[Data excerpts]

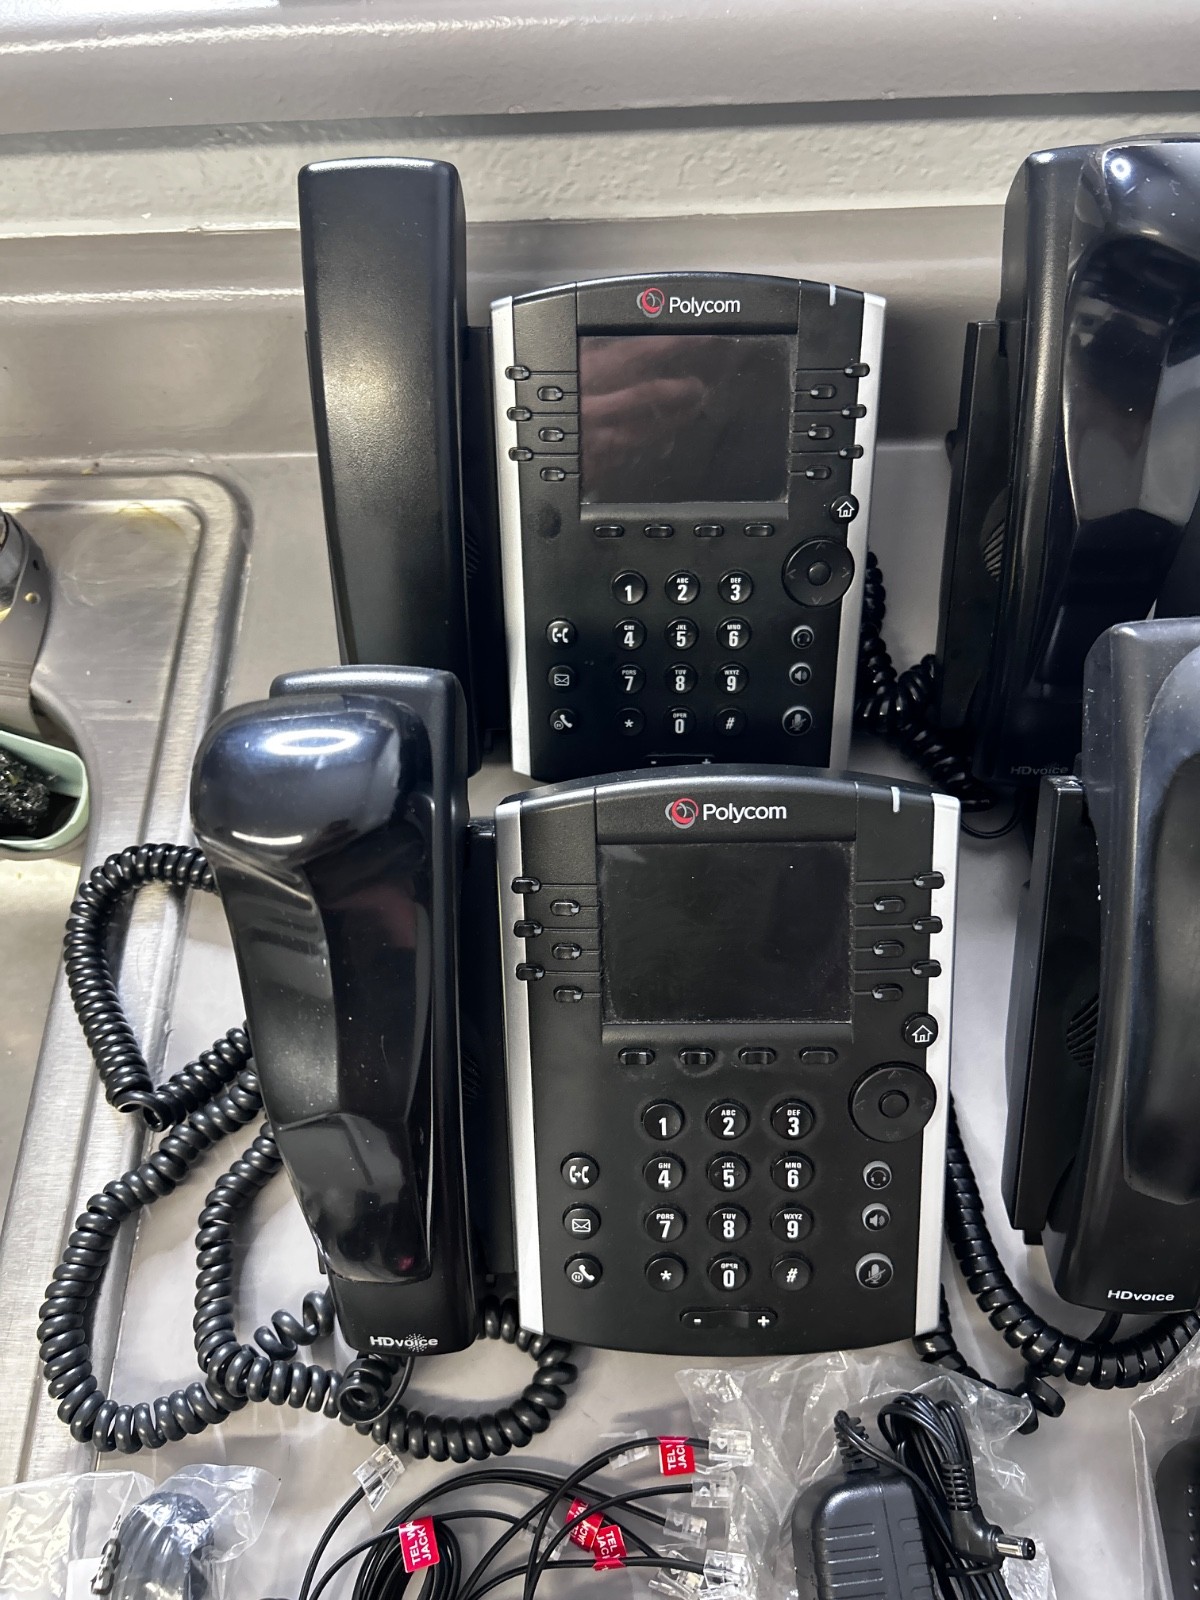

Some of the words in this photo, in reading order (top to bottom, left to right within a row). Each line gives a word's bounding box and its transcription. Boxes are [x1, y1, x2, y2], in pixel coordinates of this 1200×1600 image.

[669, 296, 741, 317] Polycom
[624, 585, 633, 601] 1
[677, 584, 687, 601] 2
[730, 584, 740, 601] 3
[623, 631, 635, 647] 4
[676, 631, 686, 647] 5
[728, 630, 738, 647] 6
[624, 676, 634, 691] 7
[675, 675, 685, 691] 8
[726, 675, 737, 691] 9
[674, 718, 685, 734] 0
[1010, 765, 1069, 775] HDvoice
[702, 803, 787, 824] Polycom
[658, 1117, 667, 1136] 1
[722, 1116, 735, 1136] 2
[787, 1116, 800, 1136] 3
[657, 1169, 671, 1189] 4
[722, 1169, 735, 1188] 5
[787, 1169, 799, 1188] 6
[659, 1220, 671, 1239] 7
[722, 1220, 735, 1239] 8
[786, 1220, 799, 1239] 9
[722, 1269, 735, 1289] 0
[1107, 1289, 1175, 1302] HDvoice
[369, 1335, 439, 1347] HDvoice
[666, 1449, 677, 1470] TEL
[417, 1526, 432, 1561] JACK
[606, 1530, 618, 1552] TEL
[409, 1540, 421, 1566] TEL

» WORK TO COMPLETE
Write the data above out again exactly, minus its pictures.

» ANSWER TO THIS PROBLEM
Some of the words in this photo, in reading order (top to bottom, left to right within a row). Each line gives a word's bounding box and its transcription. Boxes are [x1, y1, x2, y2], in pixel coordinates of this 1200×1600 image.

[669, 296, 741, 317] Polycom
[624, 585, 633, 601] 1
[677, 584, 687, 601] 2
[730, 584, 740, 601] 3
[623, 631, 635, 647] 4
[676, 631, 686, 647] 5
[728, 630, 738, 647] 6
[624, 676, 634, 691] 7
[675, 675, 685, 691] 8
[726, 675, 737, 691] 9
[674, 718, 685, 734] 0
[1010, 765, 1069, 775] HDvoice
[702, 803, 787, 824] Polycom
[658, 1117, 667, 1136] 1
[722, 1116, 735, 1136] 2
[787, 1116, 800, 1136] 3
[657, 1169, 671, 1189] 4
[722, 1169, 735, 1188] 5
[787, 1169, 799, 1188] 6
[659, 1220, 671, 1239] 7
[722, 1220, 735, 1239] 8
[786, 1220, 799, 1239] 9
[722, 1269, 735, 1289] 0
[1107, 1289, 1175, 1302] HDvoice
[369, 1335, 439, 1347] HDvoice
[666, 1449, 677, 1470] TEL
[417, 1526, 432, 1561] JACK
[606, 1530, 618, 1552] TEL
[409, 1540, 421, 1566] TEL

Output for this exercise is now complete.